If you visit a tofu kaiseki restaurant, forget about the idea that you will eat blocks of tofu for every course. In some courses, you would not even know tofu was used! Here are some typical ways tofu can be prepared: abura-age (tofu sliced into sheets and deep-fried), atsuage dofu (thick deep-fried tofu), oborodofu (with a scooped, crumbly texture like cottage cheese), and yakidofu (grilled tofu). In addition, there are many variations on this same theme, and countless ways to cook it: cold tofu, boiled tofu, dengaku (skewered and grilled with a miso sauce topping), or even fried tofu balls. In a tofu kaiseki, you can sample tofu prepared in all the different ways, including in a hot pot, in miso soup and even au gratin in place of cheese. Tofu kaiseki is light but very filling, sophisticated and delicious.

Tofu Family

Familiarize yourself with all the useful terms for soybean products:

Soy milk:

Soy milk is used in many places all over the world, and makes a great alternative for those who are allergic to milk. It is often used to make lattes in place of cow's milk, and it is also a useful ingredient in Japanese cuisine for hot pots and other dishes. It can also be consumed on its own, plain or in interesting flavors such as vanilla, strawberry and even Japanese specialty flavors such as green tea and sakura (cherry blossom) during springtime. Some kinds of soy milk available at supermarkets contain additives (including sugar) and others do not, so it’s best to read the labels closely. Making soy milk is easy and it’s the first essential step in order to make tofu. Simply soak the soybeans in water overnight if possible. Next, strain, then crush the beans with a food processor, and pour the mixture into a saucepan with one cup of water. Bring to a boil then let simmer for about 20 minutes, skim the foam at the top, and it’s ready! You can keep the soy milk to drink as is, use for cooking, or add nigari and go all the way to make tofu.
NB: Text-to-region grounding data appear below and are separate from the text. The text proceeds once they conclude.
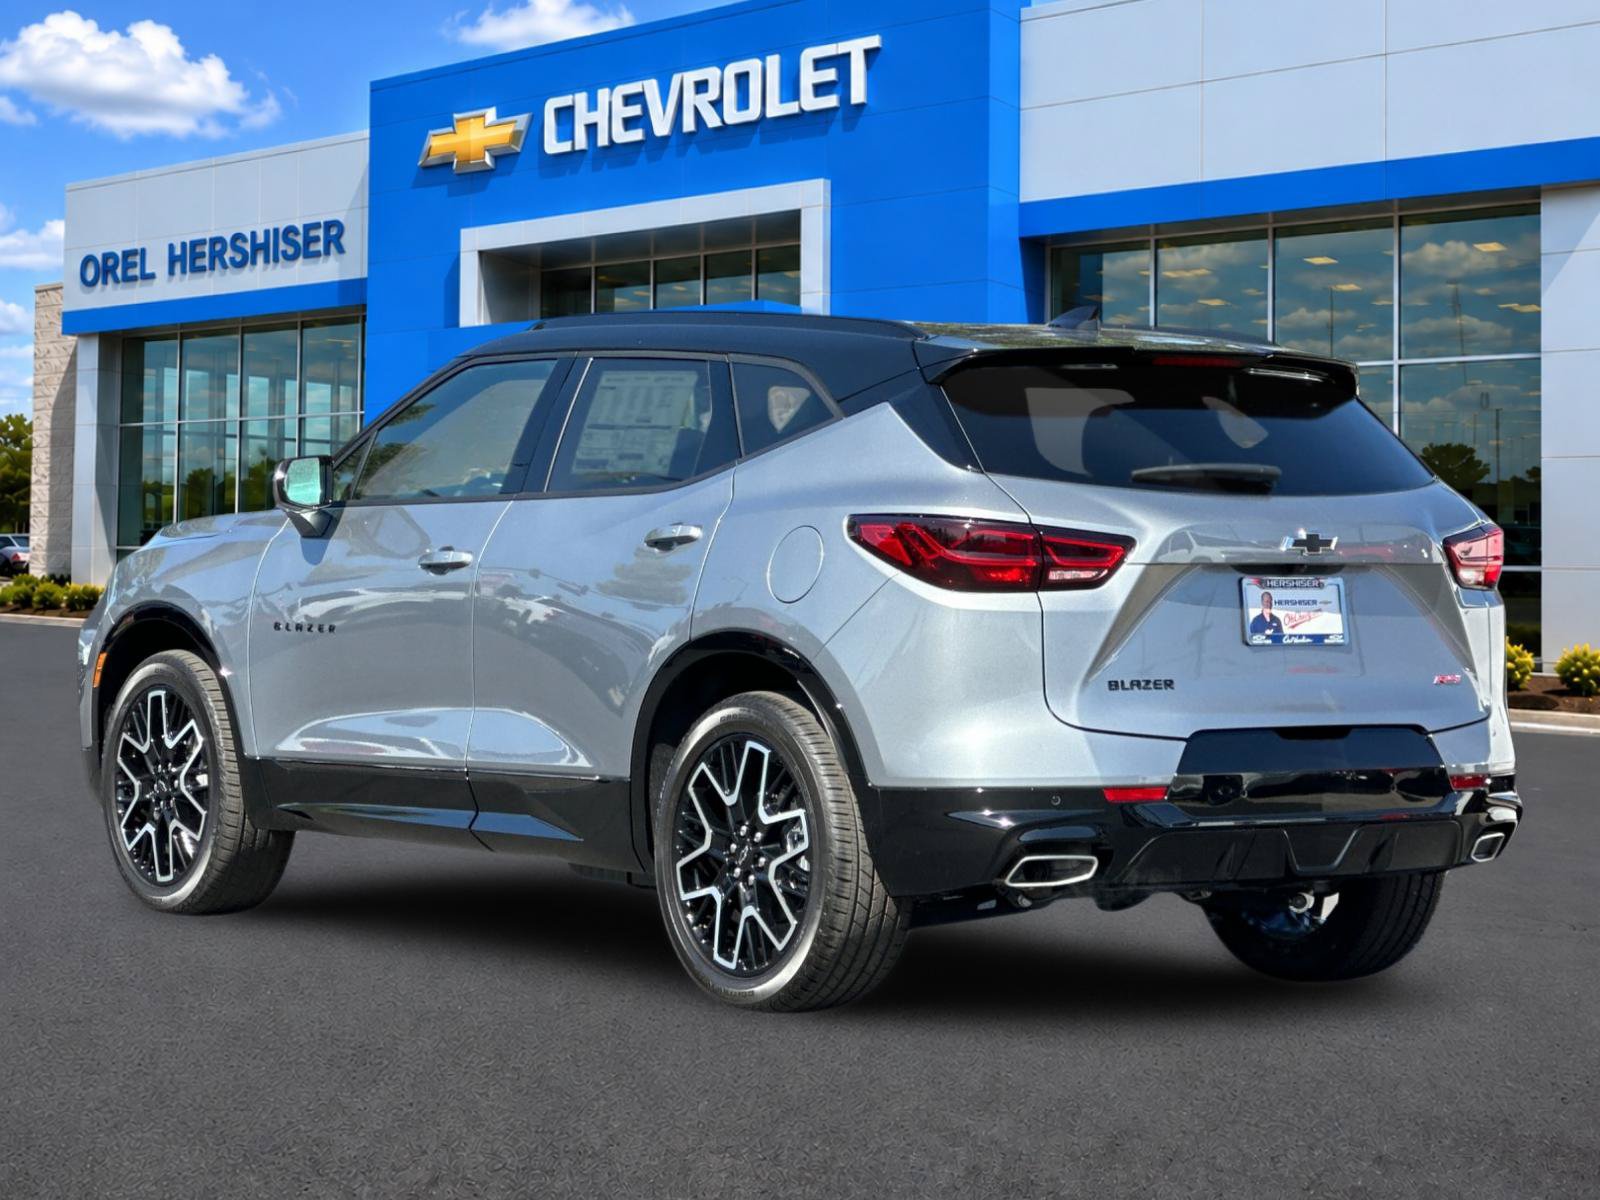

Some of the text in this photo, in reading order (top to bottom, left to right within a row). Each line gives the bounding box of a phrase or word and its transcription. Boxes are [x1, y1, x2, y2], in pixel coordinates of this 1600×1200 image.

[544, 34, 881, 154] CHEVROLET
[80, 219, 346, 287] OREL HERSHISER
[1266, 579, 1320, 588] HERSHISER
[273, 621, 336, 633] BLAZER
[1107, 679, 1175, 691] BLAZER
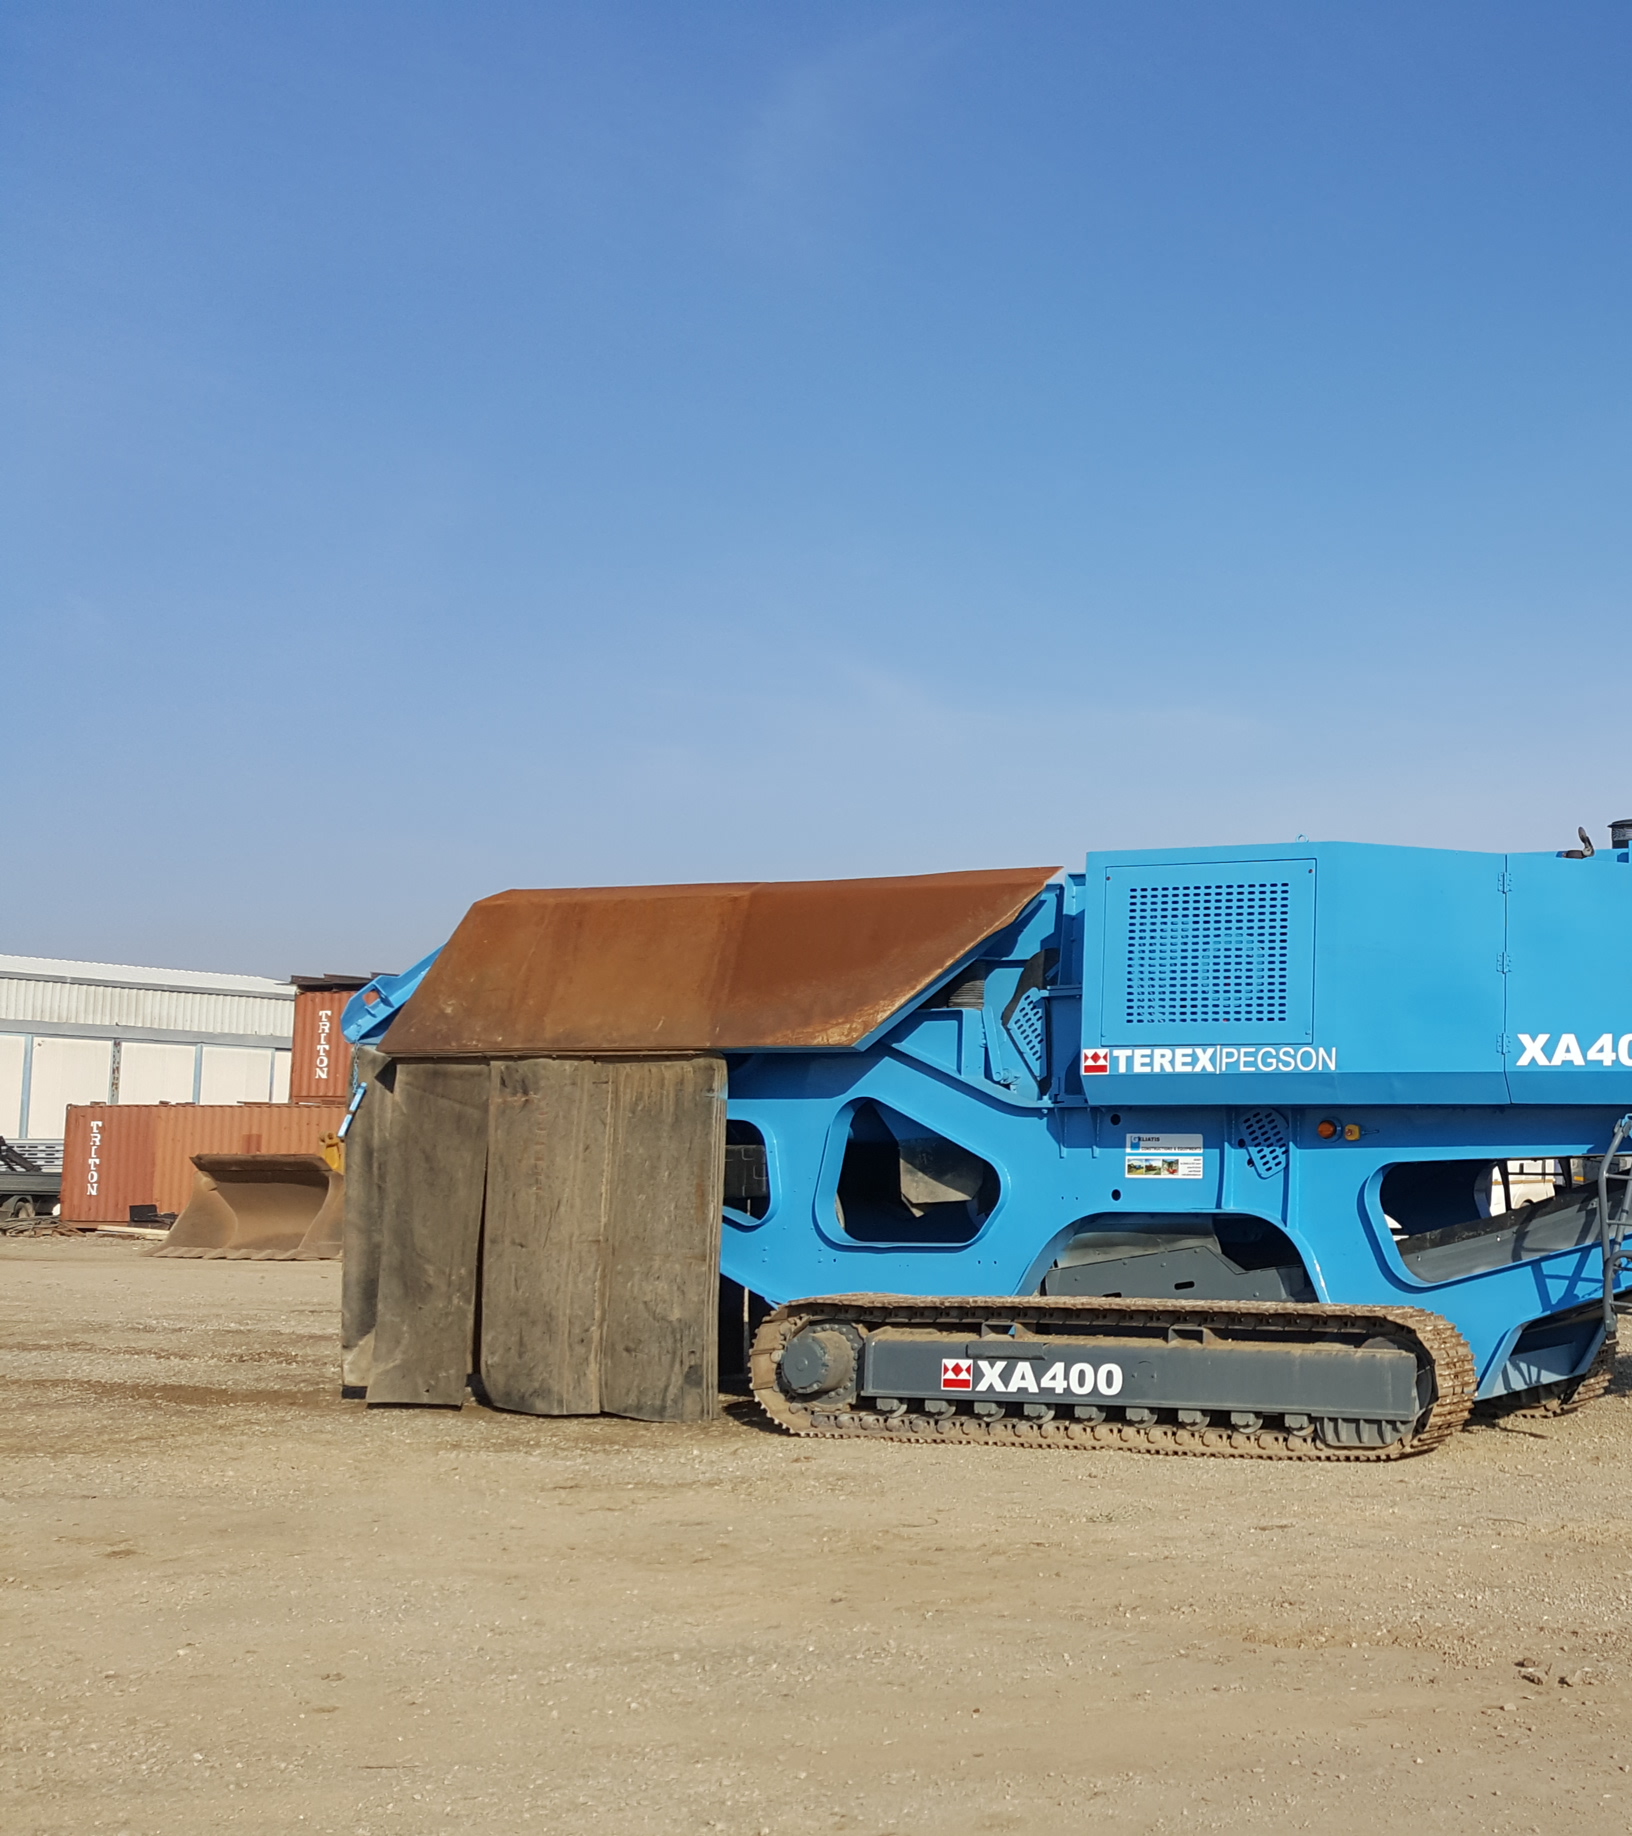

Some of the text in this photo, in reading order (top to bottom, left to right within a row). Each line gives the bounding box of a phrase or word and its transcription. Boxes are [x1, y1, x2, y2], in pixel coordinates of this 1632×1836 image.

[315, 1010, 332, 1079] TRITON
[1112, 1046, 1337, 1073] TEREX PEGSON
[86, 1120, 103, 1196] TRITON
[974, 1360, 1124, 1396] XA400
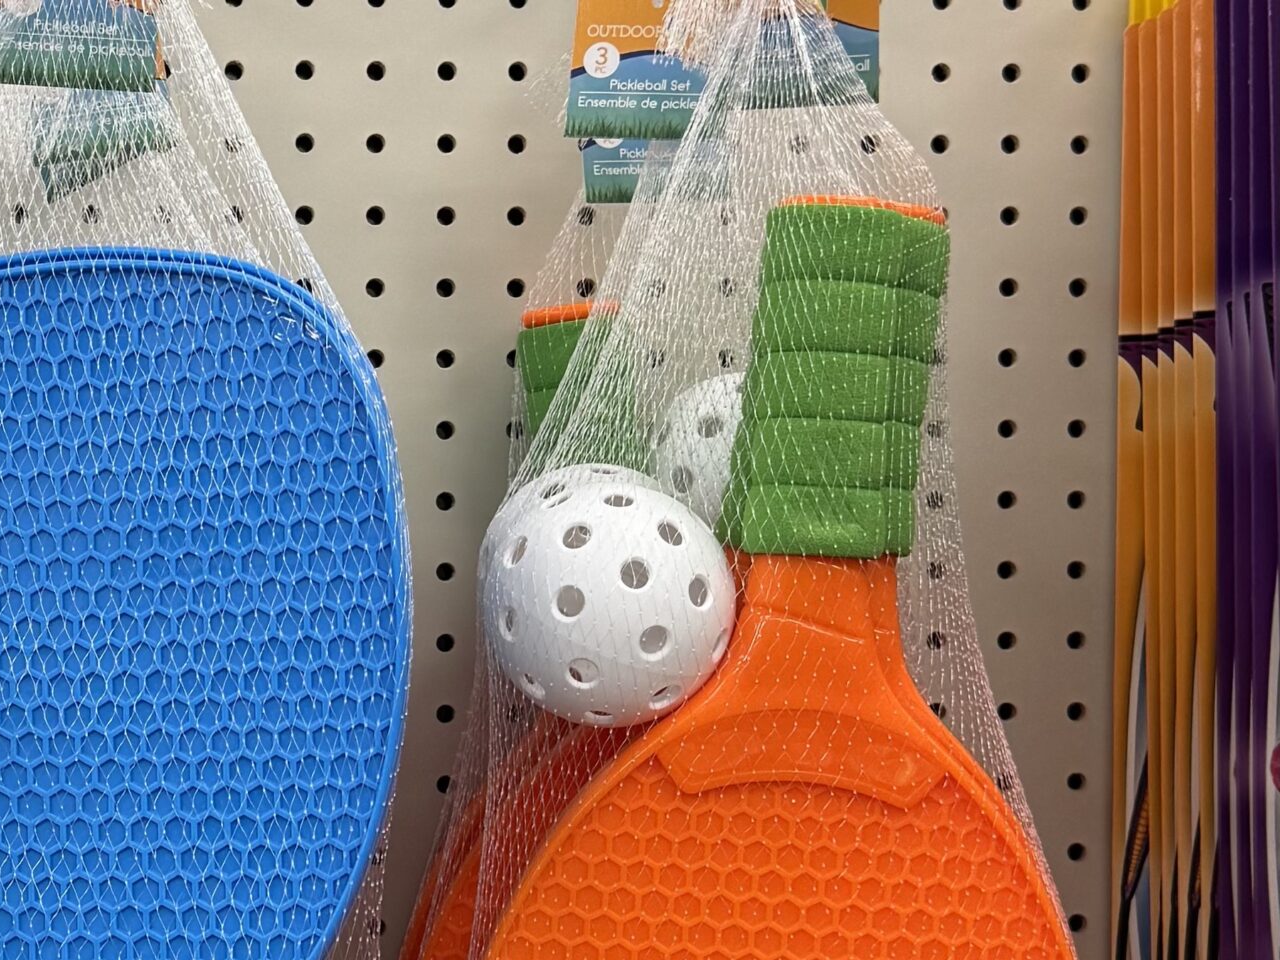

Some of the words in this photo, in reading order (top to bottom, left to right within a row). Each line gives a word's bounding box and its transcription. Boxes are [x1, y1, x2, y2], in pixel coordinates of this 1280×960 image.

[595, 46, 608, 65] 3
[609, 78, 667, 91] Pickleball
[670, 80, 691, 91] Set
[577, 95, 637, 109] Ensemble
[640, 98, 658, 109] de
[660, 97, 698, 112] pickle
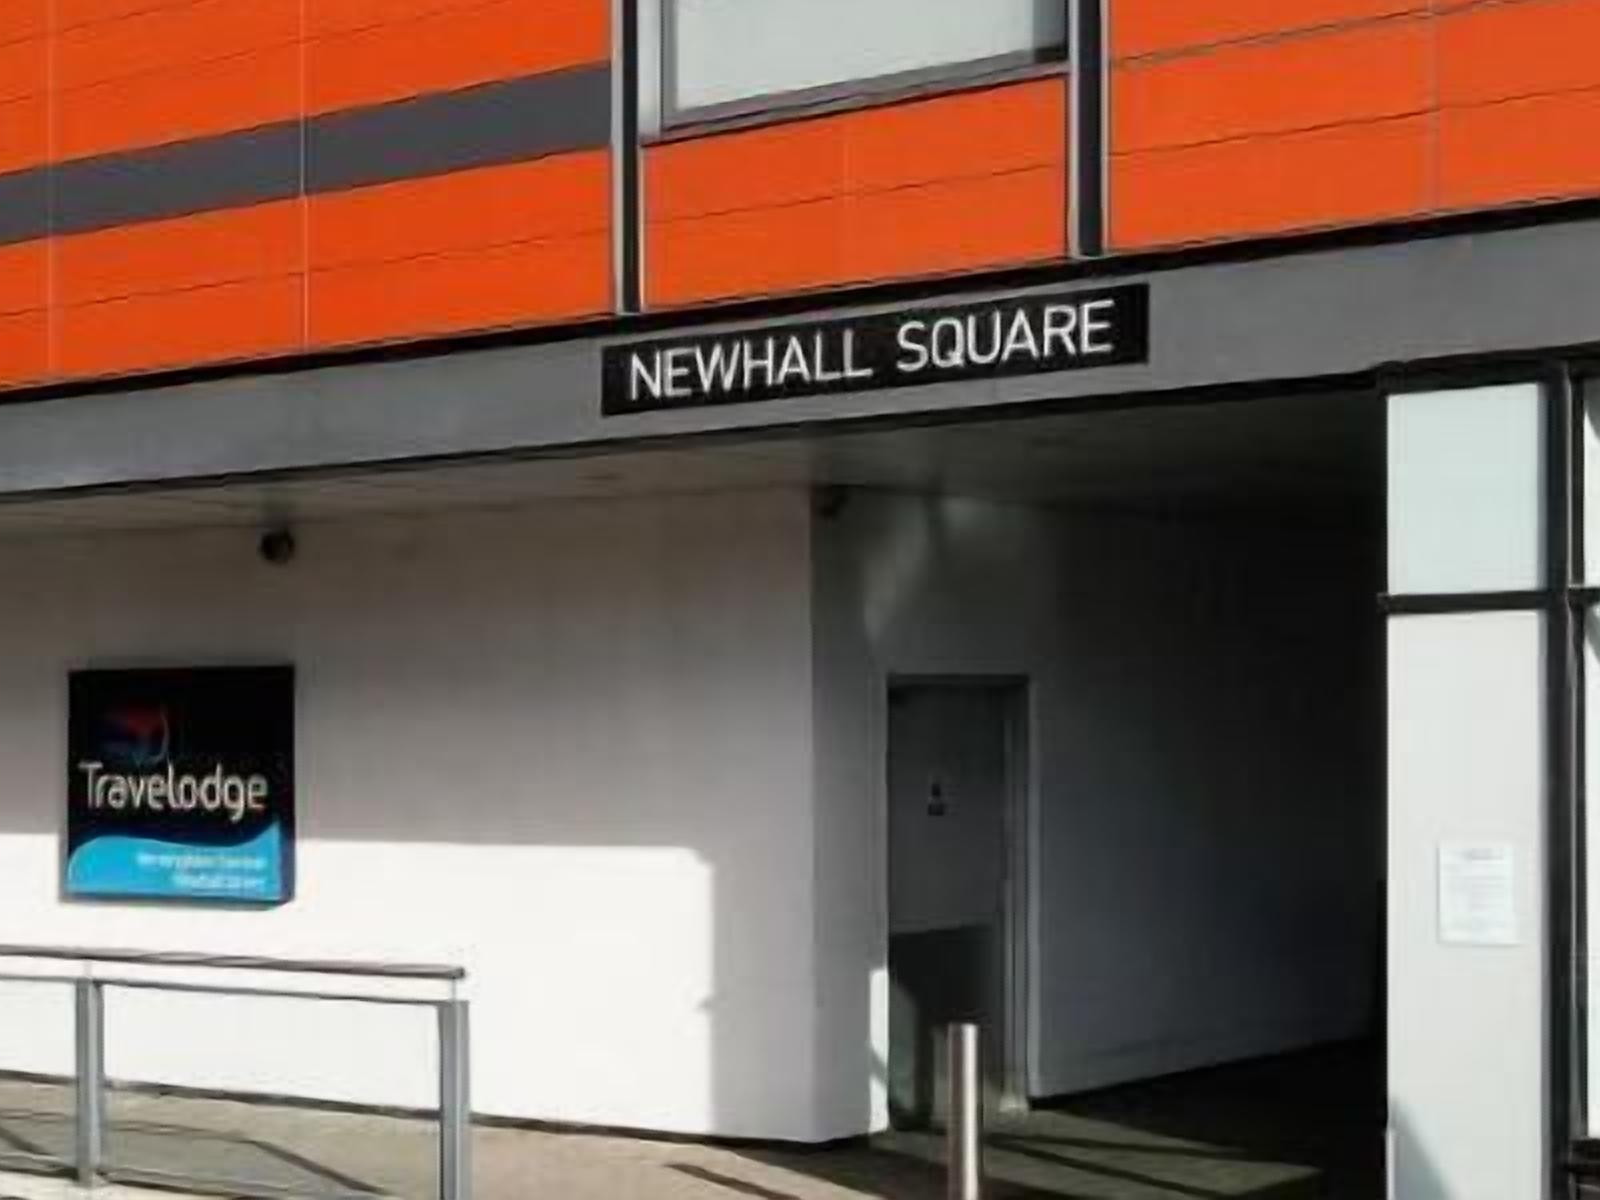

Okara, or soy pulp, is what remains after soybeans turn into soy milk. It is usually sold for very cheap at supermarkets in Japan and it contains protein, fat, and fiber. Unlike its tofu and soy milk siblings, it is not usually consumed on its own. "Unohana" is the ultimate dish made with okara: it’s a traditional savory side dish made by combining okara, vegetables such as carrots, burdock, negi (leek or green onion) and shiitake mushrooms, shoyu (soy sauce), and mirin (Japanese rice wine). Another pleasant and surprising way to use okara is to mix it with soy milk to make a healthier version of doughnuts!


When you heat up soy milk, there will be a thin layer of film that forms at the surface. That film is called yuba. There is fresh yuba and dried yuba. You can eat fresh yuba (which is chewier than tofu but has a similar flavor) just like sashimi with soy sauce, and use the dried kind in cooking. In Kyoto, yuba is considered to be a delicacy.